Path: utzoo!mnetor!uunet!lll-winken!lll-tis!ames!necntc!linus!alliant!steckel
From: steckel@Alliant.COM (Geoff Steckel)
Newsgroups: comp.arch
Subject: Re: RISC != real-time control
Message-ID: <1704@alliant.Alliant.COM>
Date: 3 May 88 23:27:16 GMT
References: <1521@pt.cs.cmu.edu> <28200135@urbsdc> <4921@bloom-beacon.MIT.EDU>
Reply-To: steckel@alliant.UUCP (Geoff Steckel)
Distribution: na
Organization: Omnivore Technology, Newton, MA
Lines: 56
Keywords: DSP RISC multiprocessing
Summary: I'd like to multiprocess/multitask my DSP

In article <4921@bloom-beacon.MIT.EDU> peter@athena.mit.edu (Peter J Desnoyers) writes:
>Things have changed.

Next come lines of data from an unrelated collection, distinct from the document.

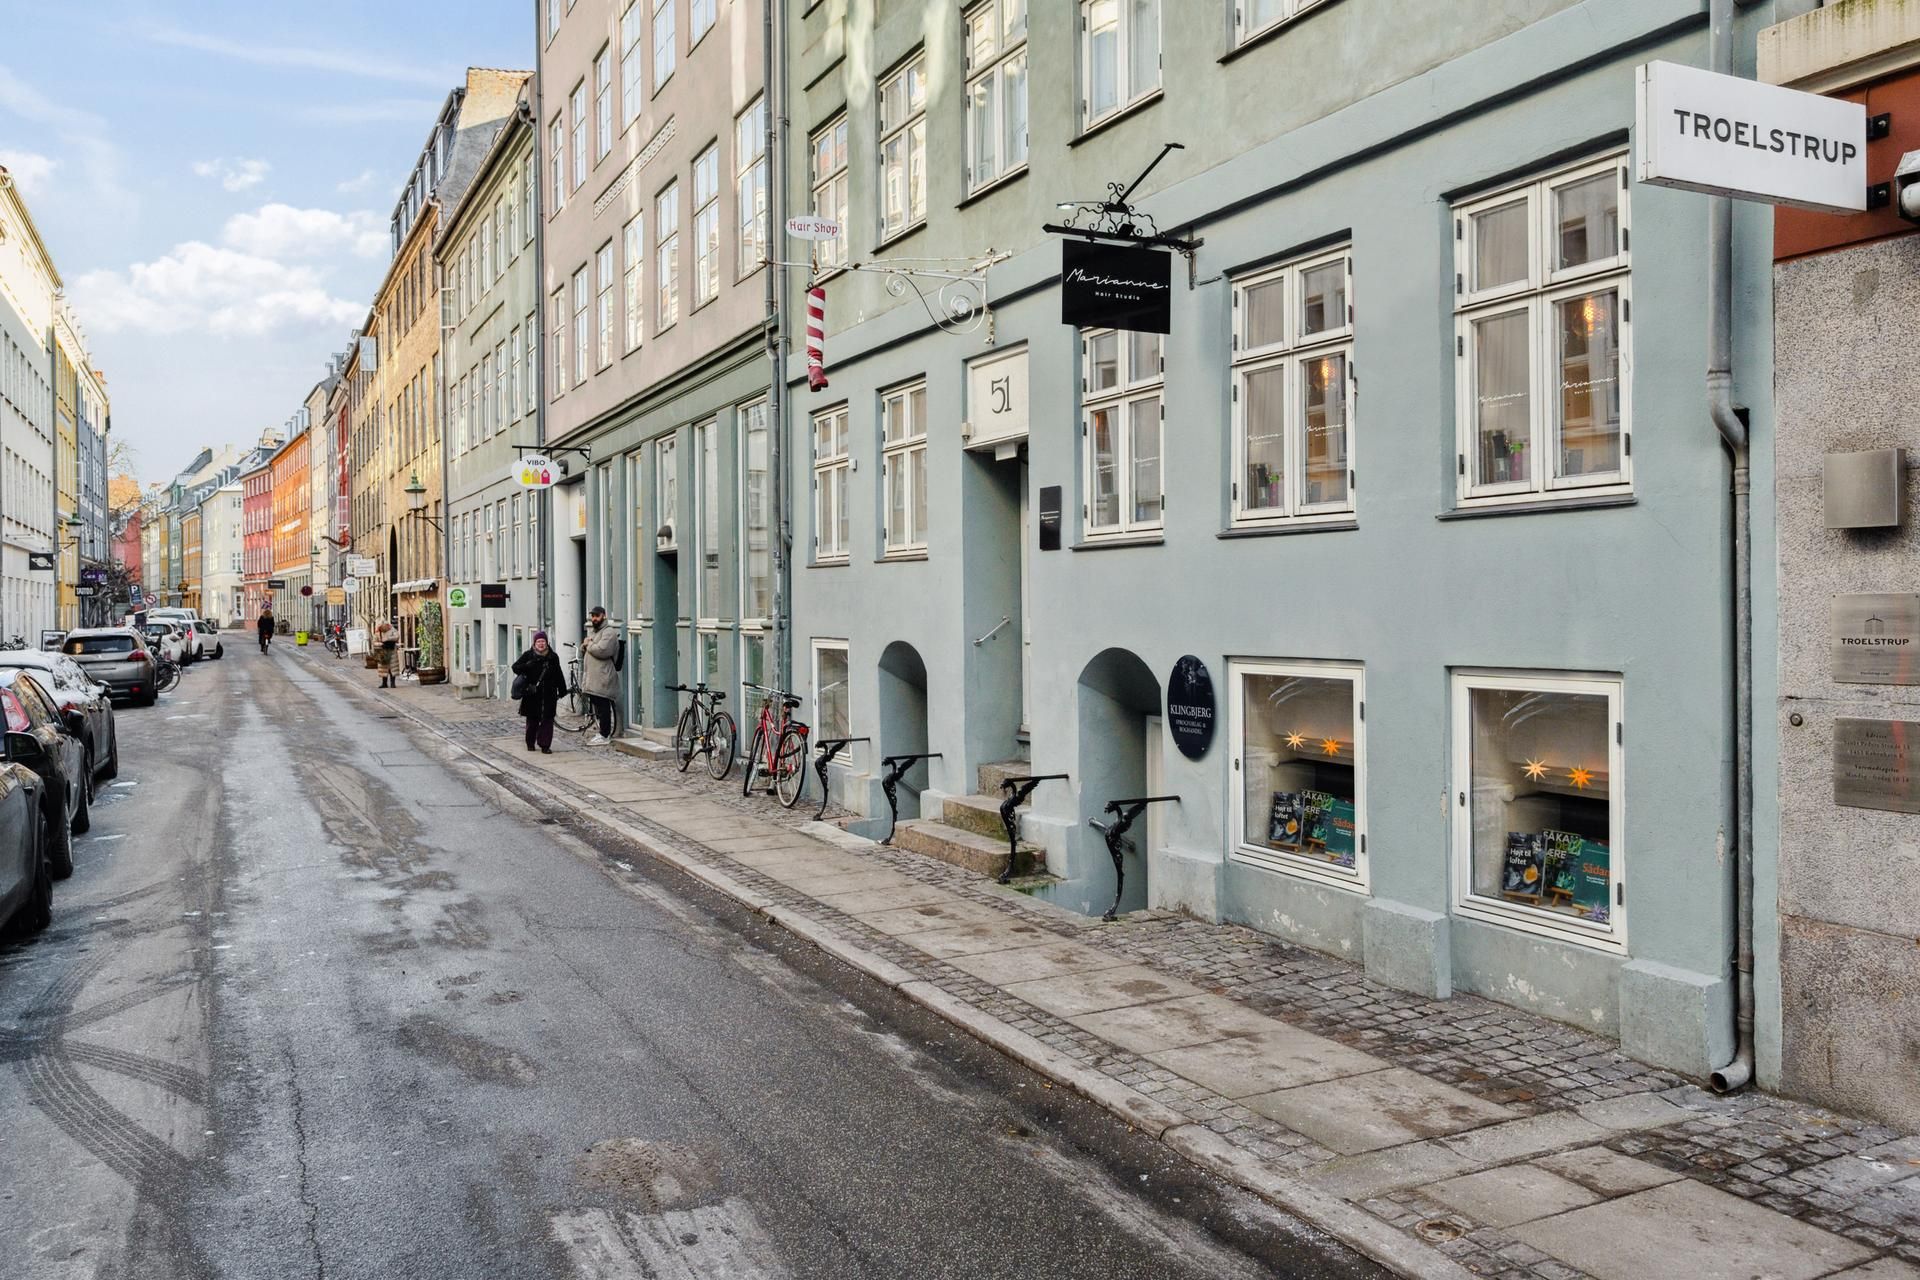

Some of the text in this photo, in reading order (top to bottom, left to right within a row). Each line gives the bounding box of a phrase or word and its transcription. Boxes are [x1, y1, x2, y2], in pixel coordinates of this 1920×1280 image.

[1673, 108, 1857, 165] TROELSTRUP
[789, 221, 838, 236] Hair Shop
[1115, 293, 1140, 301] Studio
[991, 375, 1012, 414] 51
[131, 585, 138, 593] P
[1841, 638, 1910, 646] TROELSTRUP
[1170, 704, 1212, 719] KLINGBJERG
[1510, 848, 1523, 857] Højt
[1509, 857, 1527, 865] loftet
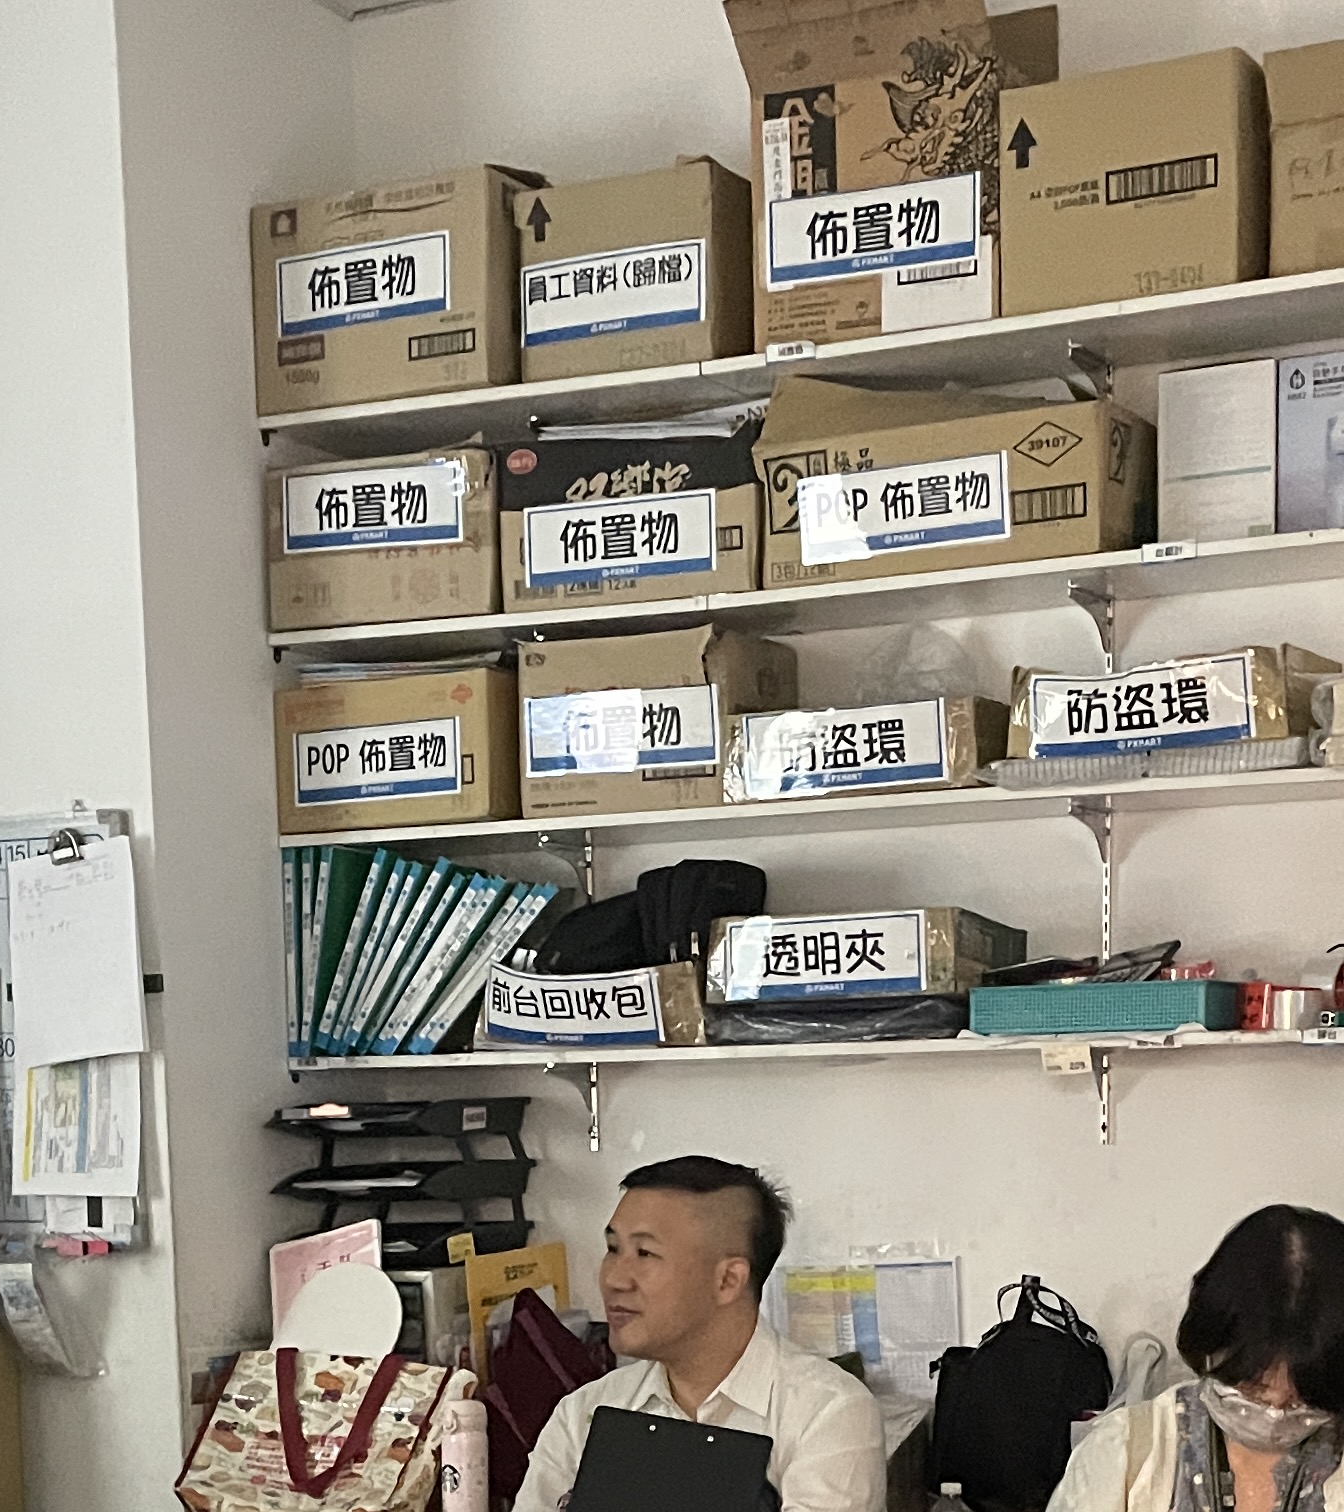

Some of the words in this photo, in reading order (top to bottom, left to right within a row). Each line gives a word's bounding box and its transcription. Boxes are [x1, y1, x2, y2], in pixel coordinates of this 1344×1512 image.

[806, 197, 939, 260] 佈置物
[308, 253, 416, 312] 佈置物
[315, 481, 428, 531] 佈置物
[880, 470, 991, 522] 佈置物
[560, 510, 679, 564] 佈置物
[1067, 676, 1209, 735] 防盜環
[307, 743, 350, 776] POP
[359, 732, 447, 775] 佈置物
[1127, 737, 1161, 748] PXMART
[763, 929, 886, 977] 透明夾
[492, 977, 648, 1020] 前台回收包

It is now possible to get at least one of these
>chips (I think it's the 32020) to do wait states on memory, and
>someone (I don't remember who) has now put their MNP implementation
>and a few other things on this processor, in slow ROM, while their
>signal processing code runs in fast (20ns?) RAM.

The scheme mentioned is very close to one with which I am currently working.
I recently surveyed all the DSP chips for which I could get documentation.
Only the TI 320xxx series have a 'memory access done' pin.  All the other
chips (Moto, AD, NEC, OKI, ...) either have a programmable # wait states or
assume external program or data memory is sufficiently fast to work
synchronously.

This makes ganging of DSP chips using shared (peer-to-peer) global memory
difficult, and makes using mixed slow and fast program memory impossible.
The designers seem to assume:
  1) All parts of the application must run equally fast.
  2) Programs will be small.
  3) Data will be small or only accessed a little at a time.
  4) The DSP chip will own all resources to which it is connected.
  5) Any resource the DSP chip does not own are:
     a) connected via a serial port (a la Transputer, etc), or
     b) sufficiently unimportant that polling a ready line is good enough, or
     c) very fast, or
     d) nonexistent

Can any of the DSP mavens comment on DSP architectures which
  1) Can be connected to large (> 64K) shared memories, which the DSP may
     use, but does not own (i.e. must request and be granted access)
     and whose access time has an upper bound but is not deterministic
     below that bound.
  2) Can run 'background' tasks (servicing panels, SCSI, etc., etc.)
     which require serious processing but much less than the 'foreground'
     task does, preferably with the code in slow (> 70nS, cheap!) memory.
while doing 'foreground' classic DSP?

Right now only TI's 320xx chips seem to have some of the hardware support, with
the large advantage of an extremely narrow program memory path (16 bits!).
The corresponding disadvantage is an extremely baroque and assymmetrical
instruction set.

The chip described is very close to a general purpose RISC chip, but with
the following differences:
  1) Onboard multiply must be very very fast (for convolutions, etc).
  2) sub-wordsize (byte, etc.) performance not very important
     DSP almost (ha) never does divides, but 1000000s of multiplies.
  3) barrel shifter very useful to required
  4) extended precision adder for multiply and accumulate vital
     (e.g. if a * b yields 32 bits, at least 34 bits in the sum, preferably
     more like 40!).  You don't have time to check for overflow.
  5) Floating point is **really** nice, but many applications can be
     bludgeoned into fixed point.  Painfully.
     If you do put in floating point, make it FAST.  Like 2-3 cycles.
  6) Cheaper than the RISC chips are running.  $100/ea in moderate quantity.

     geoff steckel (steckel@alliant.COM)